⟨

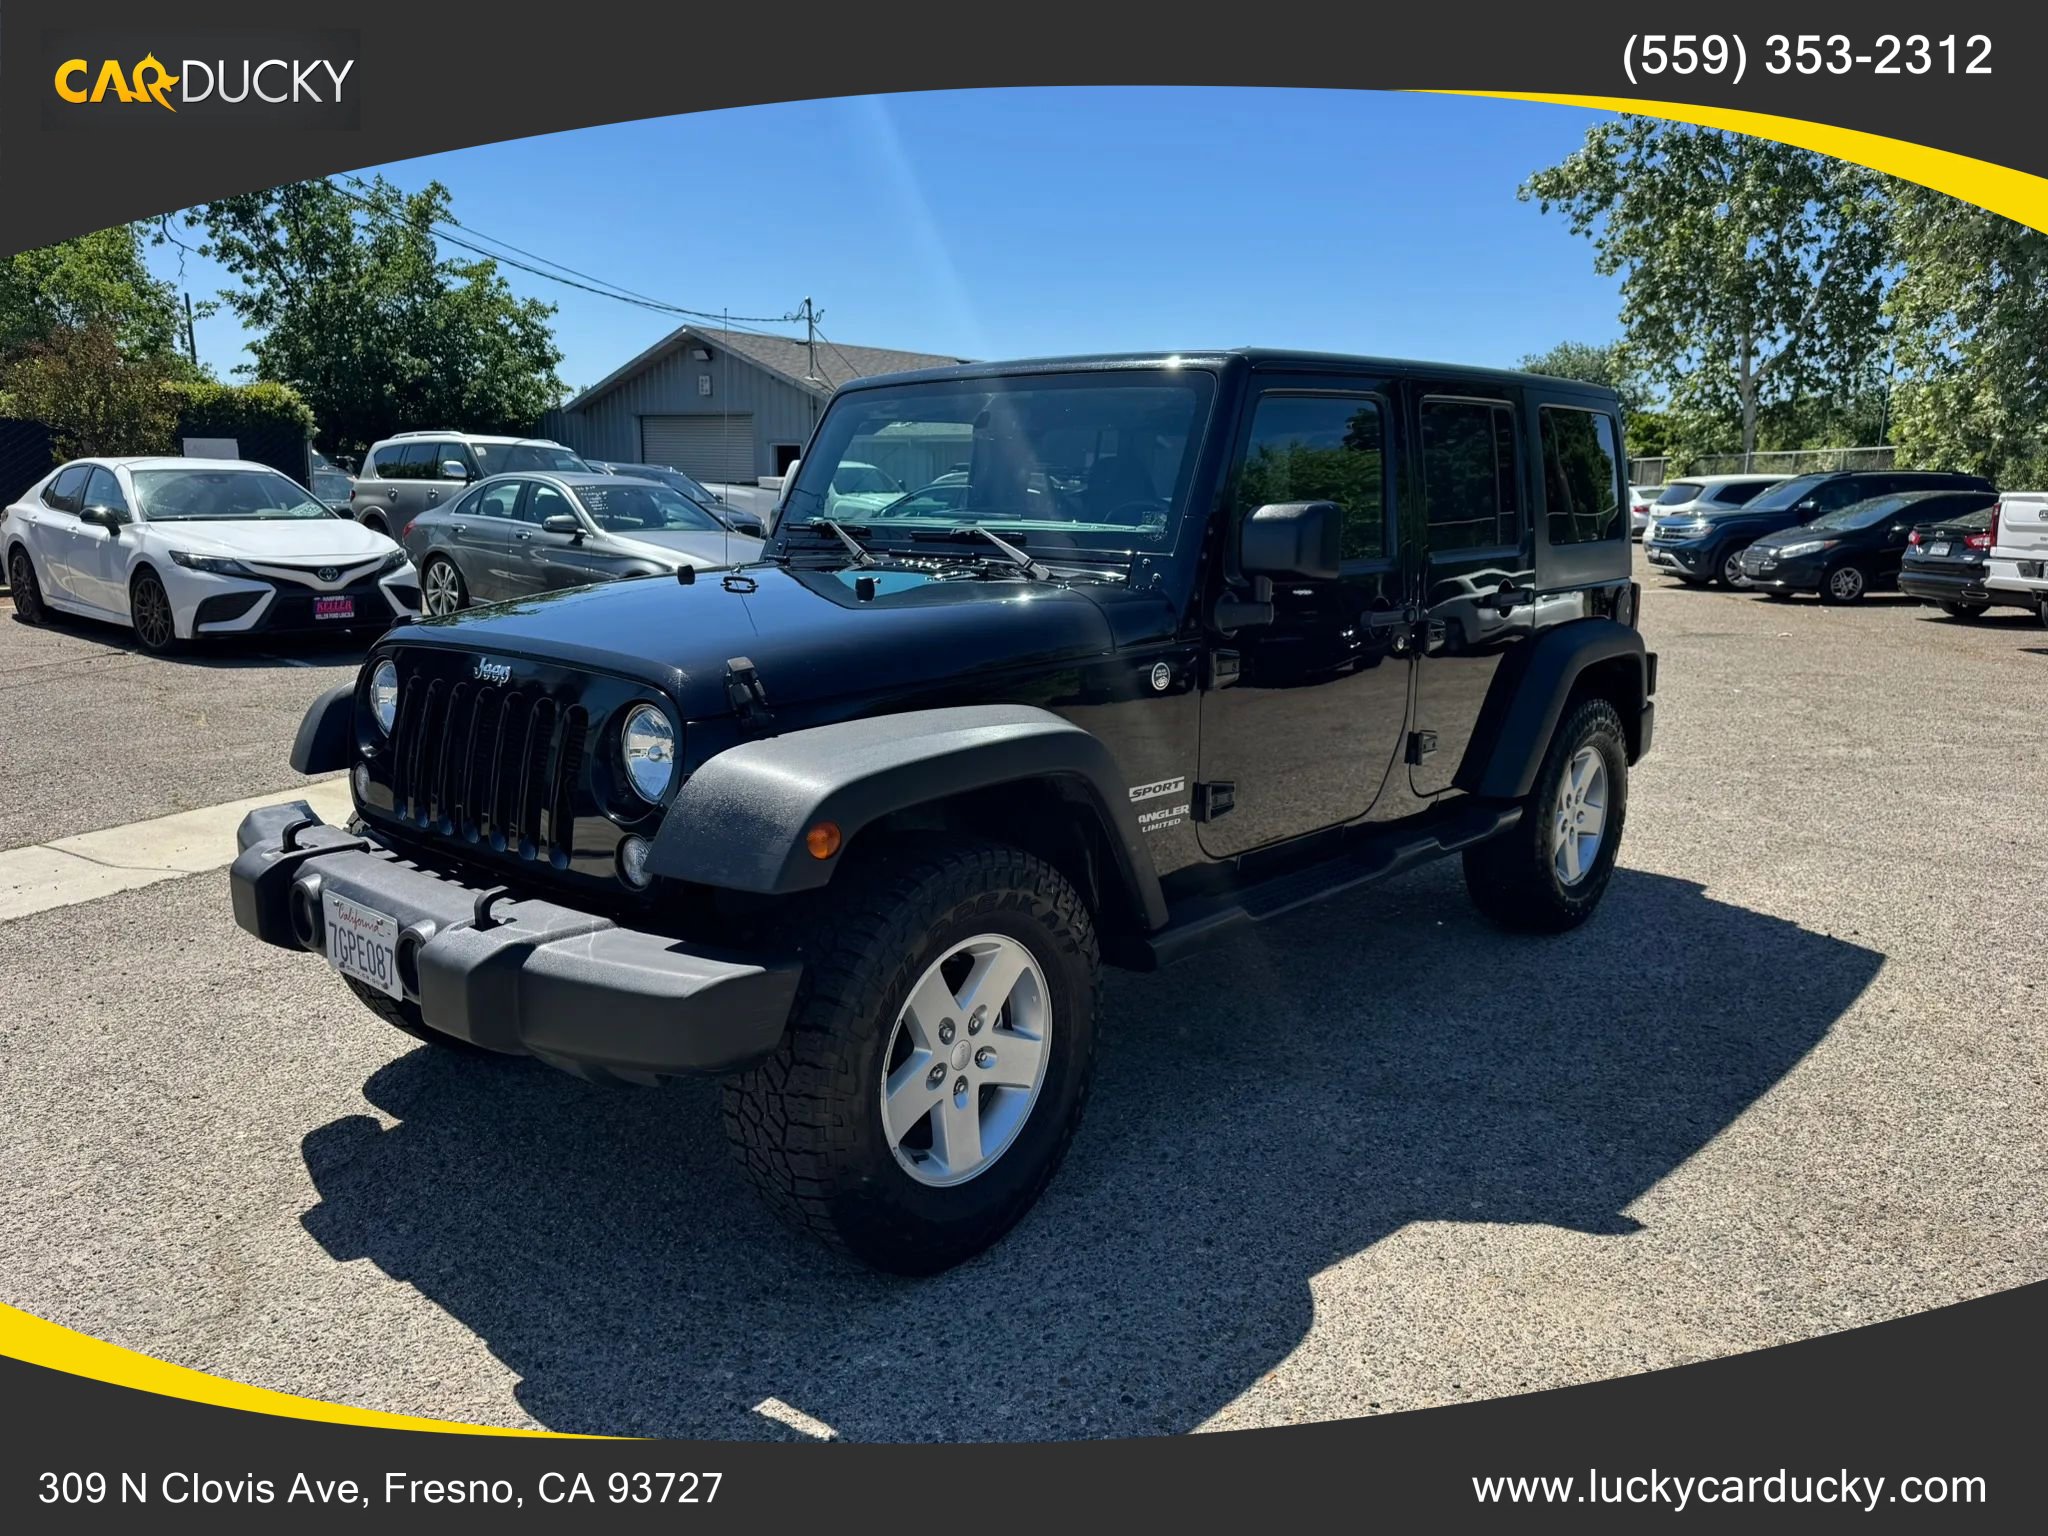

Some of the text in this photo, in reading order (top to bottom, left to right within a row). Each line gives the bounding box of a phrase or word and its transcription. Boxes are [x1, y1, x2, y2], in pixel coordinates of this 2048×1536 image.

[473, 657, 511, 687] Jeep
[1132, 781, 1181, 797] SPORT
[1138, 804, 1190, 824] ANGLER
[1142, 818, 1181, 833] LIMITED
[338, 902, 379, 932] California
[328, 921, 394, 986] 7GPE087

⟩

● HOW TO COMPLETE THIS TASK
Copy out all the records exactly as they read, and omit the pictures.

● RESULT
Some of the text in this photo, in reading order (top to bottom, left to right within a row). Each line gives the bounding box of a phrase or word and its transcription. Boxes are [x1, y1, x2, y2], in pixel coordinates of this 2048×1536 image.

[473, 657, 511, 687] Jeep
[1132, 781, 1181, 797] SPORT
[1138, 804, 1190, 824] ANGLER
[1142, 818, 1181, 833] LIMITED
[338, 902, 379, 932] California
[328, 921, 394, 986] 7GPE087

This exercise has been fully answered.